Sarcoma

Treatment Options

Some treatment options are similar for both soft tissue sarcoma and bone sarcoma, but sometimes the best treatment option depends on the type of sarcoma. Your doctor will create your treatment plan based on many factors, including the type, stage and location of your sarcoma, as well as your age and overall health.

Typically, a combination of these treatments is the best approach. In addition, clinical trials may be of particular benefit if your type of sarcoma is uncommon or rare.

Advancements in research have led to more available treatments and better outcomes, with many people living longer with no or stable disease. Be sure to talk to your doctor about all of your treatment options.

Surgery

Surgery is the main treatment for soft tissue and bone sarcomas. The most common surgical procedure for both types is known as wide local excision. In this procedure, the surgeon’s goal is to remove the entire tumor along with a portion of the normal tissue surrounding it (called the "margin"). The surgeon will try to remove as little normal tissue as possible consistent with achieving a negative margin. A pathologist (a doctor who specializes in diagnosing disease, including cancer) will examine the margin under a microscope to see whether cancer cells are present. If no cancer cells are present (referred to as negative, clear or clean margin), no further treatment is necessary. If cancer cells are found (referred to as positive margin), another surgery, radiation therapy and/or chemotherapy may be used to help control possible remaining cancer cells.

If sarcoma is in the arm or leg, techniques may be used, when possible, to avoid amputation of the limb. Advances in surgical techniques and other types of treatment options have led to a decrease in the number of amputations done for sarcoma. Today, surgeons prefer a limb-sparing procedure, which preserves the use and appearance of the limb. With a limb-sparing procedure, the surgeon may use bone or skin grafts from elsewhere in the body to replace lost tissue or bone in the limb.

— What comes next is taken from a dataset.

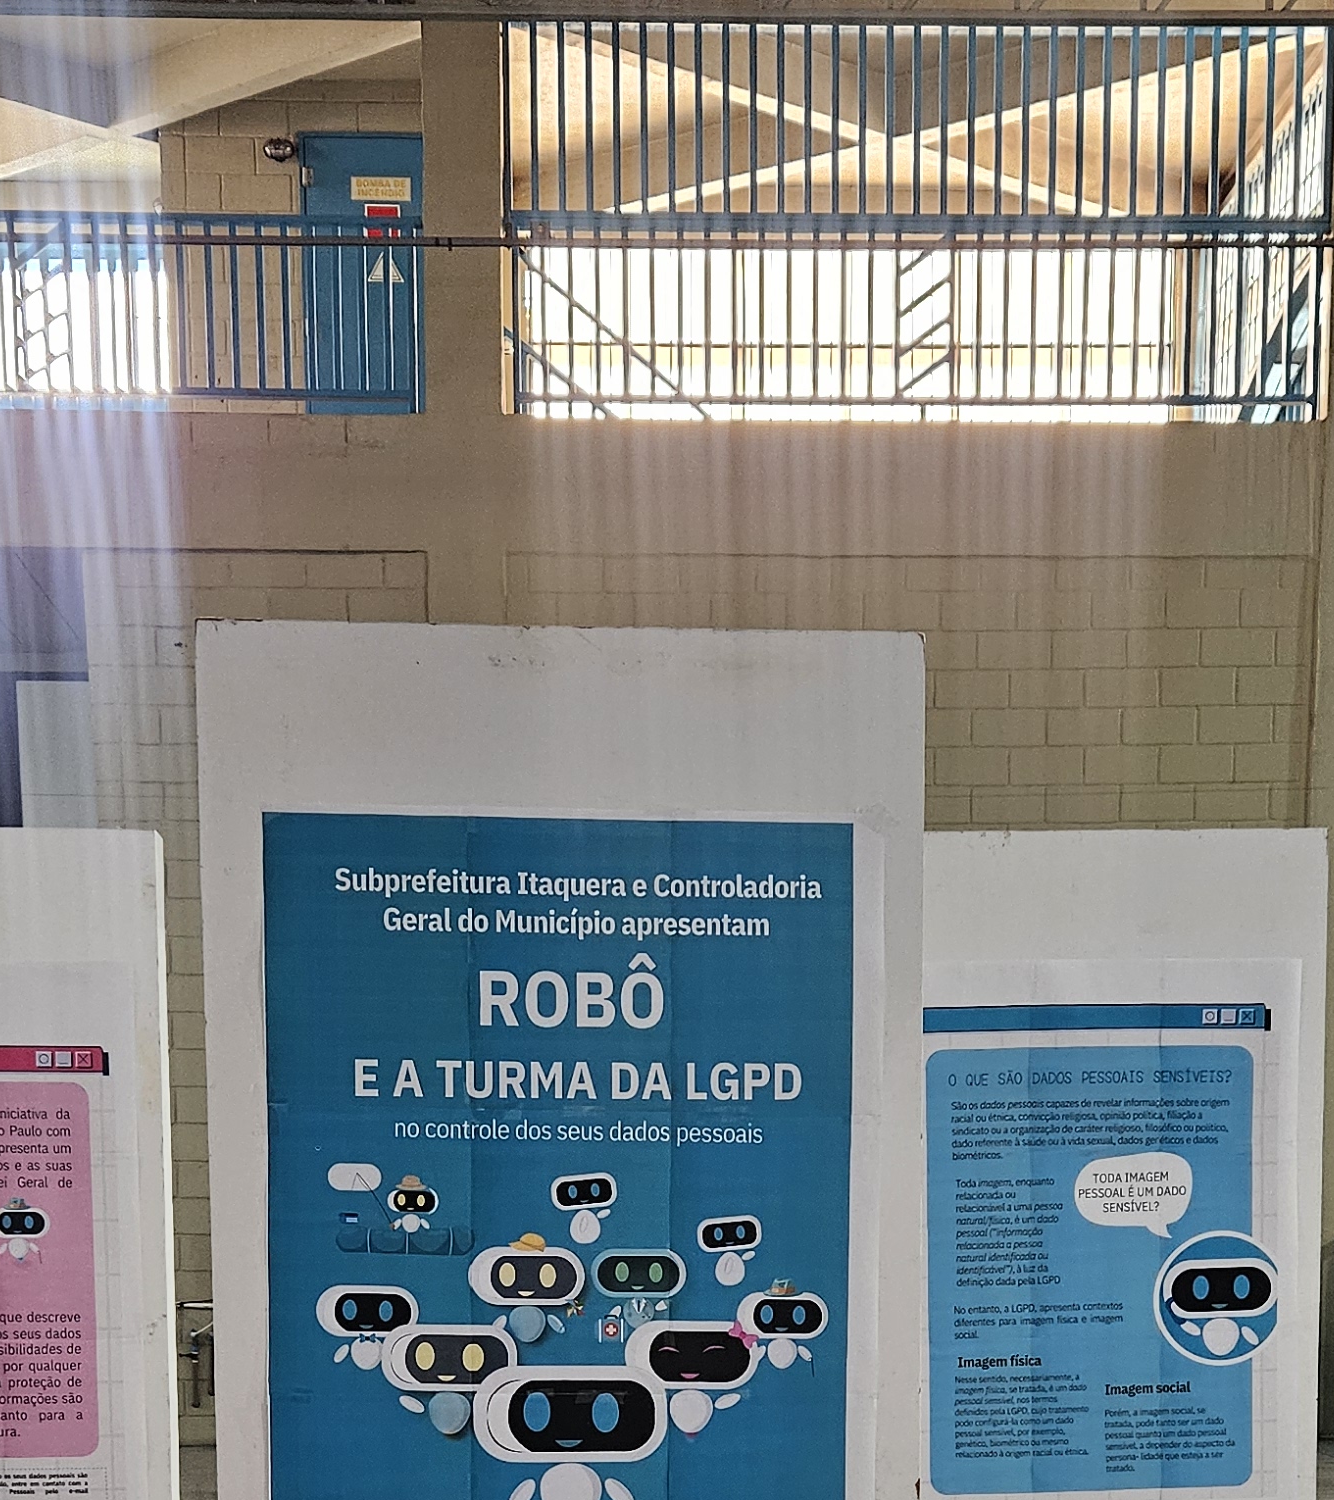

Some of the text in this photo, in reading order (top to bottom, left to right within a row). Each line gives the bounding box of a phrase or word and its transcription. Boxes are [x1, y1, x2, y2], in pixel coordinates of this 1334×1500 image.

However, sometimes amputation may offer the best treatment option, especially when the cancer is located where it would be difficult to surgically remove or for people who cannot have reconstruction or who have a surgical area that cannot be fully covered with soft tissue. Depending on the type of surgery you have, reconstruction may be necessary as part of the primary procedure. This may include the use of prostheses, grafts and metal rods or screws.

If the surgeon thinks that the sarcoma has spread to nearby lymph nodes, the lymph nodes will be removed and examined to see if cancer cells are present. Removal of lymph nodes is called lymphadenectomy.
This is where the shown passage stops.